Saving a Tooth from Extraction
Teeth have three primary layers. The outermost layer, enamel, is the hardest substance your body produces. It protects the dentin, a more sensitive underlying layer that features tubules to transfer sensations to the tooth’s inner nerve. The nerve resides in the core of a tooth, in canals that run down the center of the tooth’s root(s). If decay has penetrated enamel and dentin, and extends inside the core of a tooth, the nerve of the tooth becomes infected. This nerve, or pulp, sustains the tooth’s life by providing nutrients and removing waste. To remove infection from a dental pulp, the pulp must be extracted in a pulpectomy. This is the nature of a root canal procedure, and often, a root canal is the only alternative to extraction. When we replace the tooth’s pulp with a manmade substance, the tooth will no longer be alive. However, it can remain functional and intact beneath a dental crown.
Severe Toothache Relief
Most people who need a root canal experience sharp, painful toothaches in their infected tooth.

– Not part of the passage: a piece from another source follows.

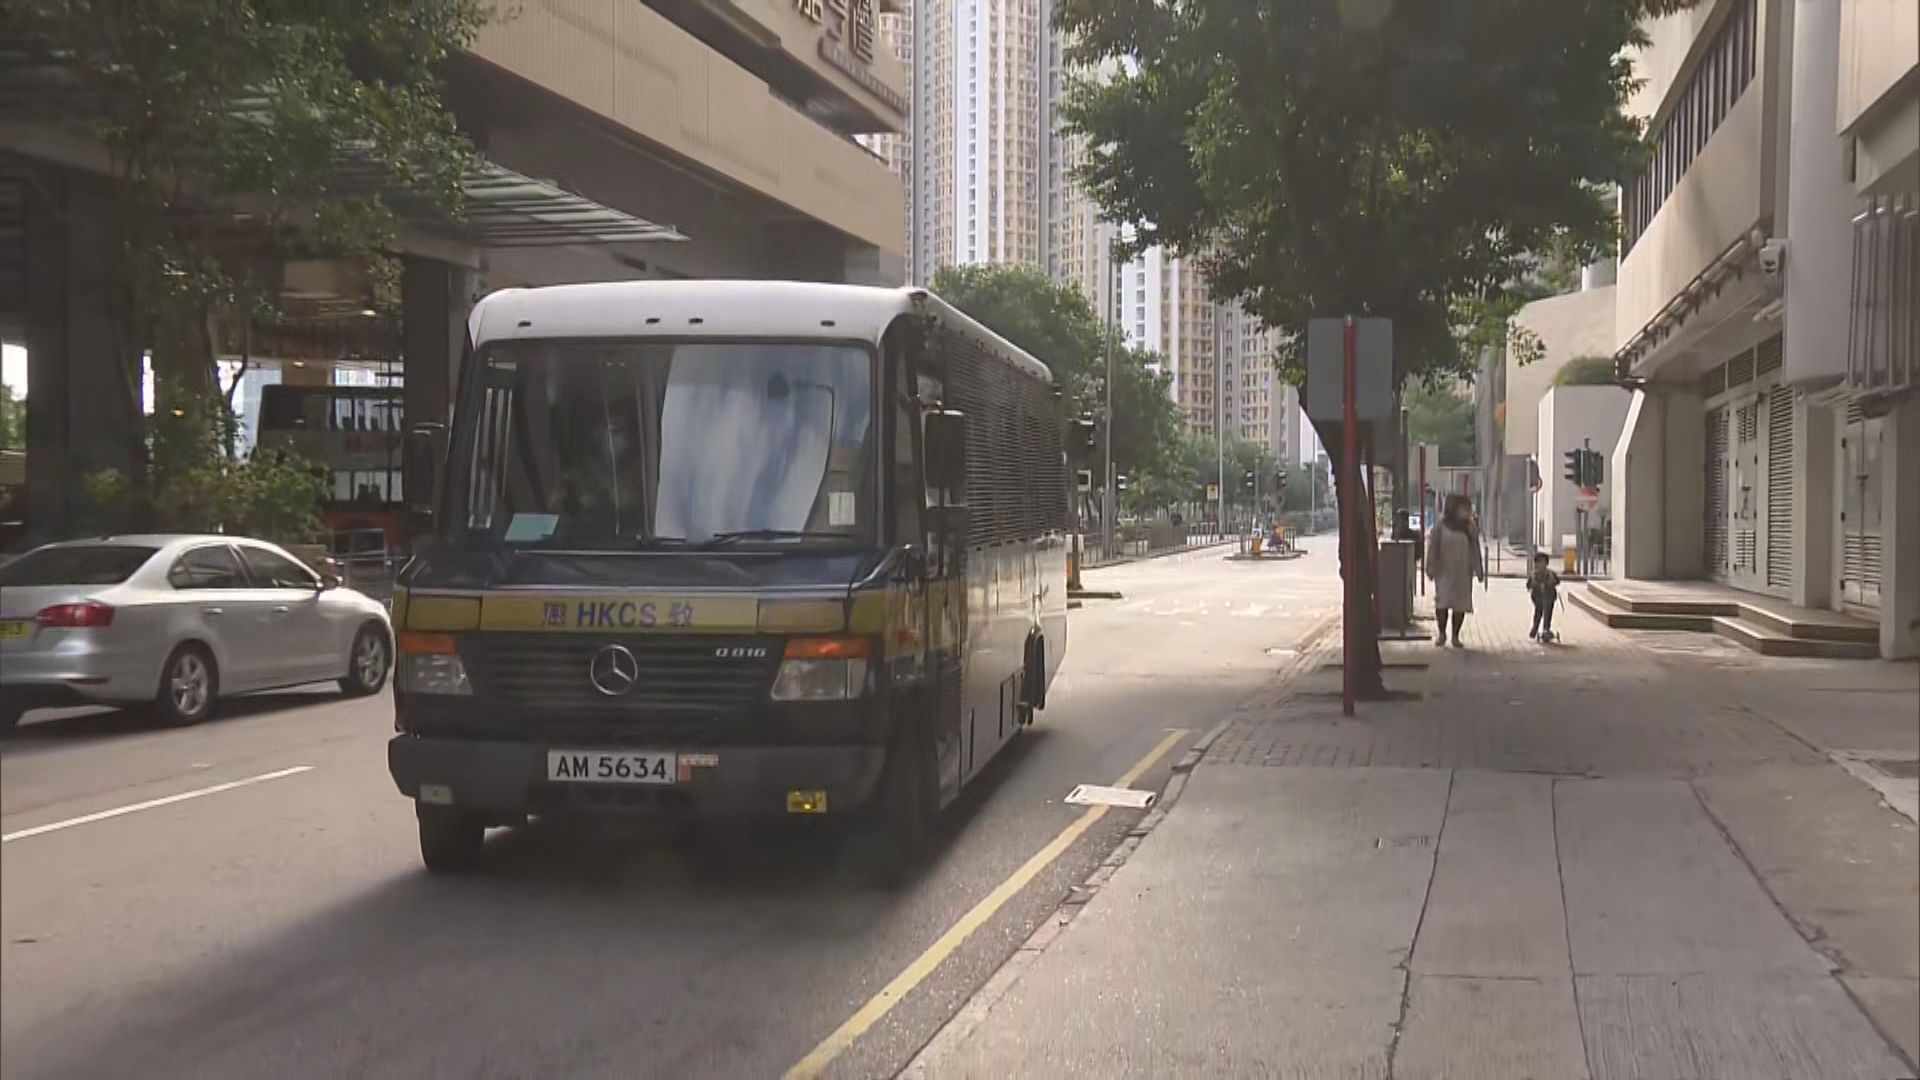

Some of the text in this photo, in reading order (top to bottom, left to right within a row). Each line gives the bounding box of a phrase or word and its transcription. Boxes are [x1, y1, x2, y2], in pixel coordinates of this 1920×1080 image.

[577, 602, 656, 627] HKCS
[556, 755, 589, 778] AM
[597, 756, 667, 780] 5634
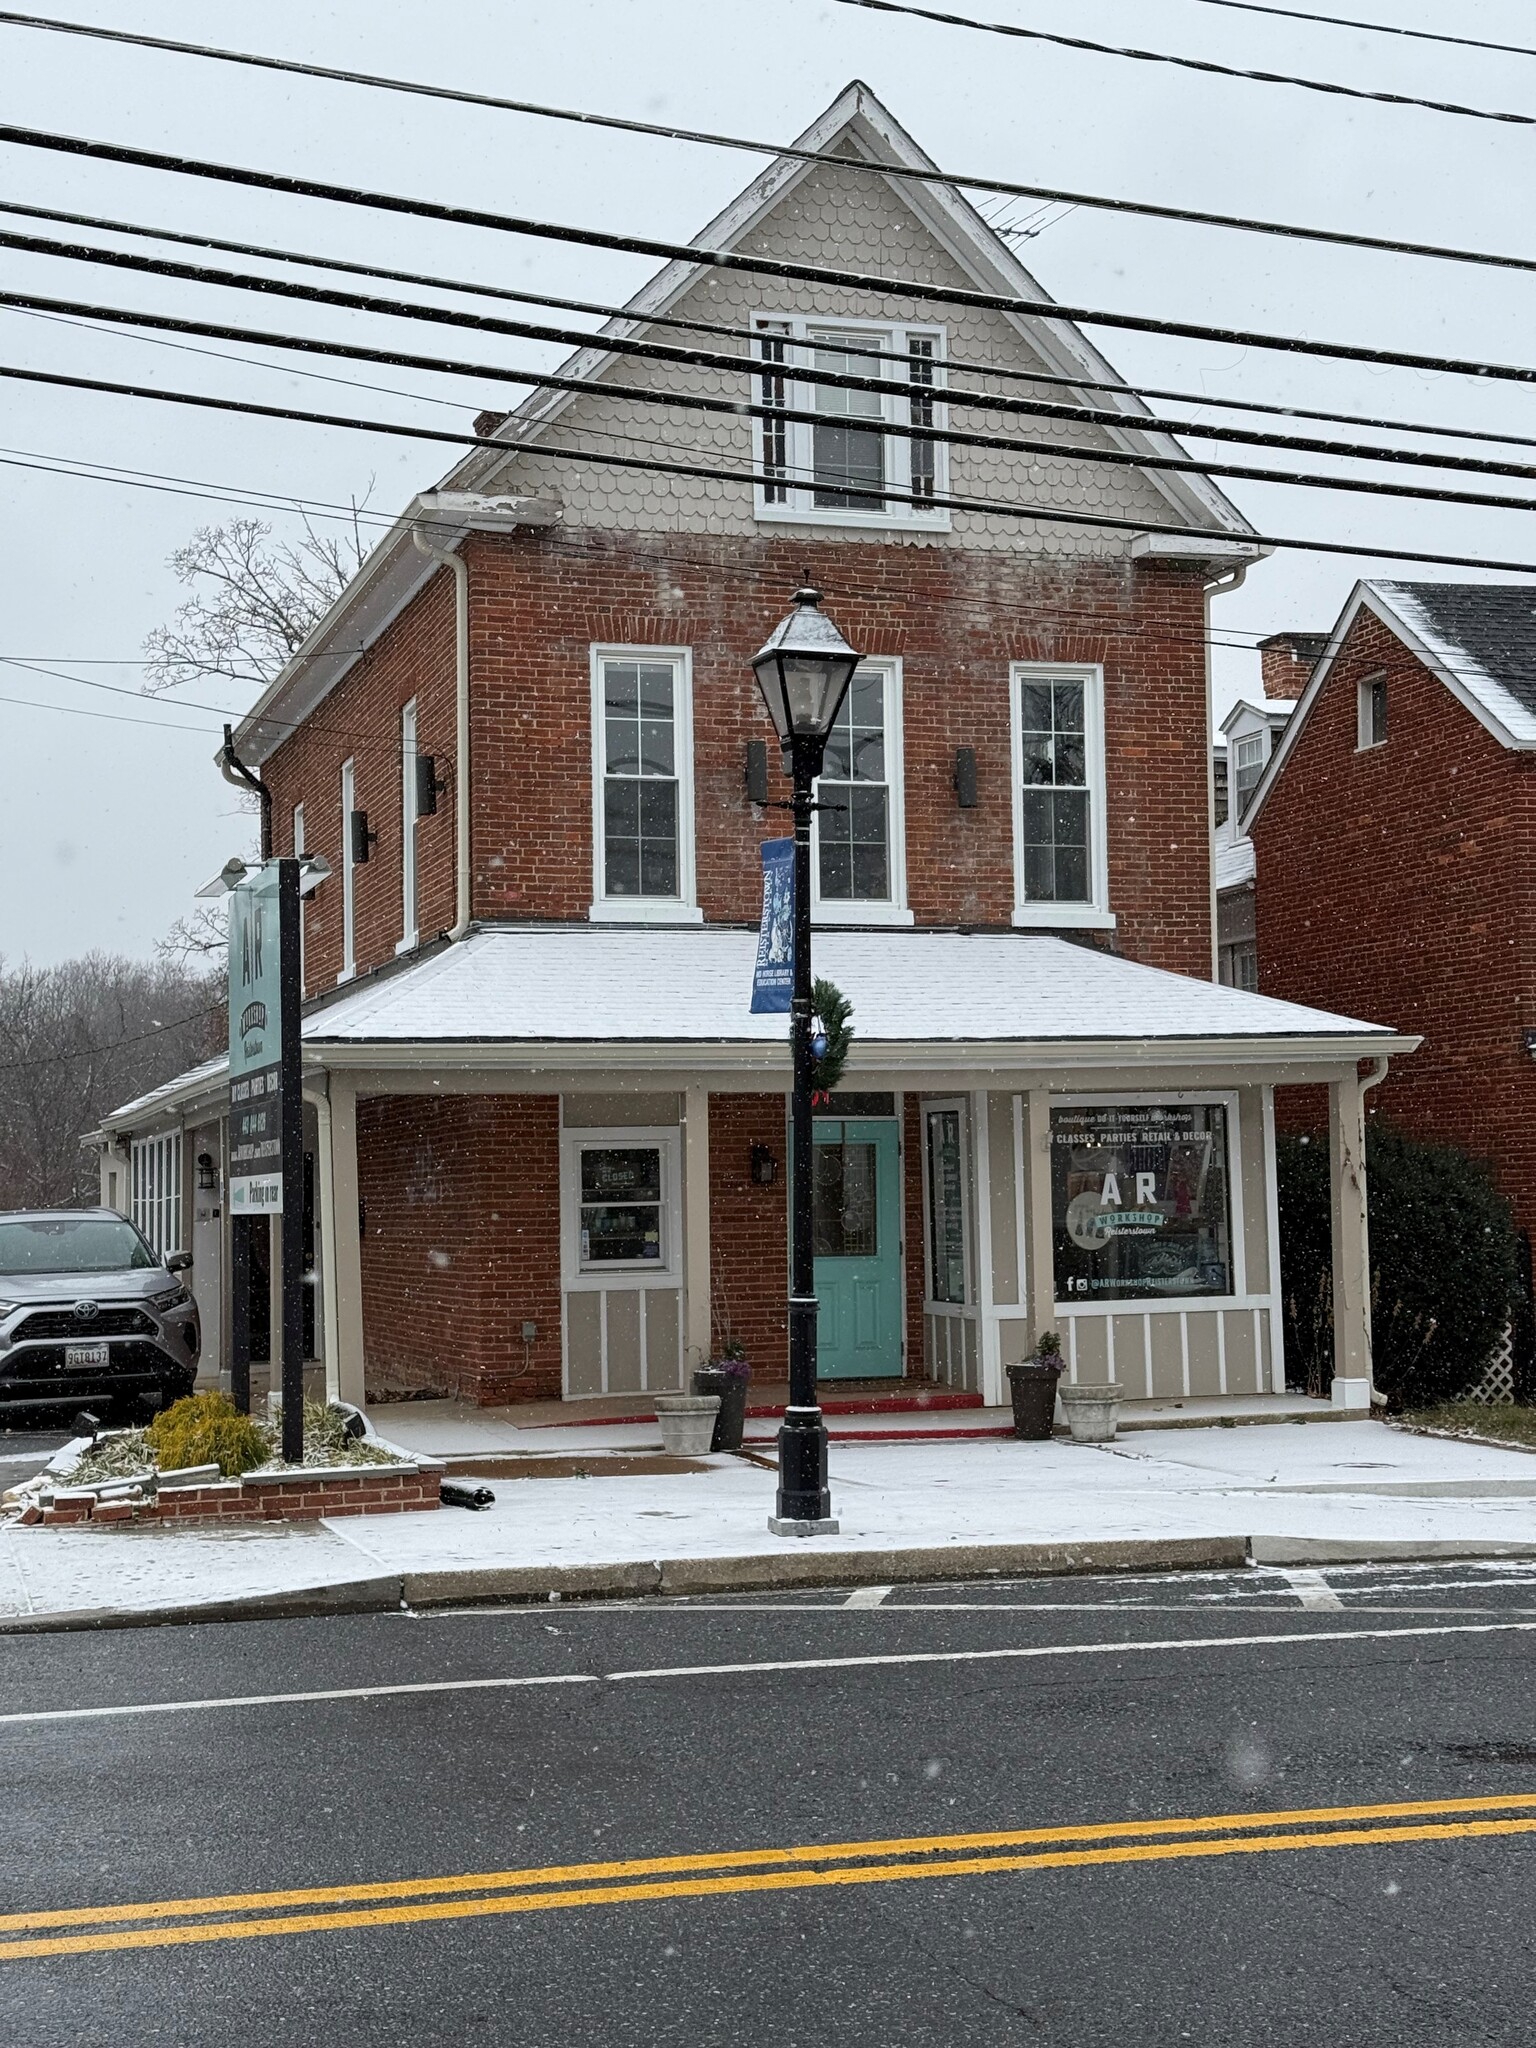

Because the infection is in the nerve, pain is to be expected. As infection grows, pressure builds within the tooth’s canal, and pain intensifies. A root canal relieves the pressure and removes infection, thus relieving the toothache.
Pulpectomy and Root Canal
The tooth is first prepared by removing all of the decay, the tooth pulp (nerves, blood vessels), and infection from inside the canal(s). Dr. Sohl will then shape and sterilize the inside of the tooth, using micro-tools. He will fill the canal with a manmade substance to help the tooth retain its strength and shape. To complete the procedure, a crown will be placed on the affected tooth.